Samsung Electronics Eventually Abandons Tizen OS
Samsung Electronics has pulled the plug on its Tizen operating system.
Samsung Electronics’ Tizen operating system (OS) will fade into the mists of history.
The company announced on Jan. 12 that it closed down Tizen Store, an application market platform for Tizen OS, on Dec. 31 2021. The decision came six months after Tizen Store banned users from registering new apps and allowed users to download existing apps only in the middle of 2021. The measure also came about four years after the launch of the final Tizen-powered smartphone model in 2017.
Samsung introduced Tizen OS in partnership with Intel in 2012 to hold Google and Apple in check. The OS is an open multi-platform that provides open sources. At the time, Google acquired Motorola Mobility and created X Phone, undermining the cooperation system with Samsung. Google’s move compelled Samsung to prepare the Tizen OS as an alternative to Android.
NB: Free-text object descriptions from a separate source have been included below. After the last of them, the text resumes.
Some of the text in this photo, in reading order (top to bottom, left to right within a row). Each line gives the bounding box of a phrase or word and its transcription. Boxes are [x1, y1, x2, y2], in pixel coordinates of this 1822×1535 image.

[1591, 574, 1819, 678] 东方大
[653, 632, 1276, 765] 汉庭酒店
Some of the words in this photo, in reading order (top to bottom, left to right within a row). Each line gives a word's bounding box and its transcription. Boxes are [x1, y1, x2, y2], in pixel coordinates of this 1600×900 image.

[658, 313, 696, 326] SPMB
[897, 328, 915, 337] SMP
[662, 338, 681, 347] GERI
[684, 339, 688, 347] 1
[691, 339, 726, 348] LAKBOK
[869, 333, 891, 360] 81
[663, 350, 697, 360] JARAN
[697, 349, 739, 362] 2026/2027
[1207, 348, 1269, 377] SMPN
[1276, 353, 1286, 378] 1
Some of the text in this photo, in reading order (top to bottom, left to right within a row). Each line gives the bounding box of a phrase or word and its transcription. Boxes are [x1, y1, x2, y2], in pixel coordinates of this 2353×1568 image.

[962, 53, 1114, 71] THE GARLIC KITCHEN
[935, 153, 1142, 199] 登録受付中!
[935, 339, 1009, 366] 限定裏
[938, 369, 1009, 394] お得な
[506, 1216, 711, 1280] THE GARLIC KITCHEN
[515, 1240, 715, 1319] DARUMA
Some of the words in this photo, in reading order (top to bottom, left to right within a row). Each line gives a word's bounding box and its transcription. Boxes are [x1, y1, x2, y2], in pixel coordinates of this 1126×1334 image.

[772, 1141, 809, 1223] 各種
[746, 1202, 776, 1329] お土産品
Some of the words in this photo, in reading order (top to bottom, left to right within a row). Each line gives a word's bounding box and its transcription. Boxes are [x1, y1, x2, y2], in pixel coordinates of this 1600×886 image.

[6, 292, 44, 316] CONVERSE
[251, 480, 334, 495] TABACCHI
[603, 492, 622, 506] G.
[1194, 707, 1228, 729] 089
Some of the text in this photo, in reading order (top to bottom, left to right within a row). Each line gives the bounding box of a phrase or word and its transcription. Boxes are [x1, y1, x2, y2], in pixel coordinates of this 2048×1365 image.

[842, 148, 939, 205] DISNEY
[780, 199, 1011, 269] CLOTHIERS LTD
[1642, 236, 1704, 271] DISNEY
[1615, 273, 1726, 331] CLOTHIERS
However, the Tizen Union was unstable from the beginning due to the departure of cooperating mobile carriers. In August 2013, Samsung managed to introduce a Tizen-based phone in cooperation with NTT DoCoMo, but since then, Tizen phones have been shunned due to a lack of popularity and inconvenience. Samsung launched the smartphone Z4 loaded with the last version of the Tizen OS in 2017. Since then, the Tizen OS has been mainly used for smart TVs and smartwatches. Last year, Samsung used Google’s integrated wearable platform, instead of the Tizen OS, even for the Galaxy Watch.
Some experts express concern over the disappearance of a competitor to the operating systems of Google and Apple. According to Statista, a global market research firm, as of December 2021, mobile operating systems other than Google Android (70.0 percent) and the Apple iOS (29.2 percent) had a meager 1 percent share of the global mobile OS market.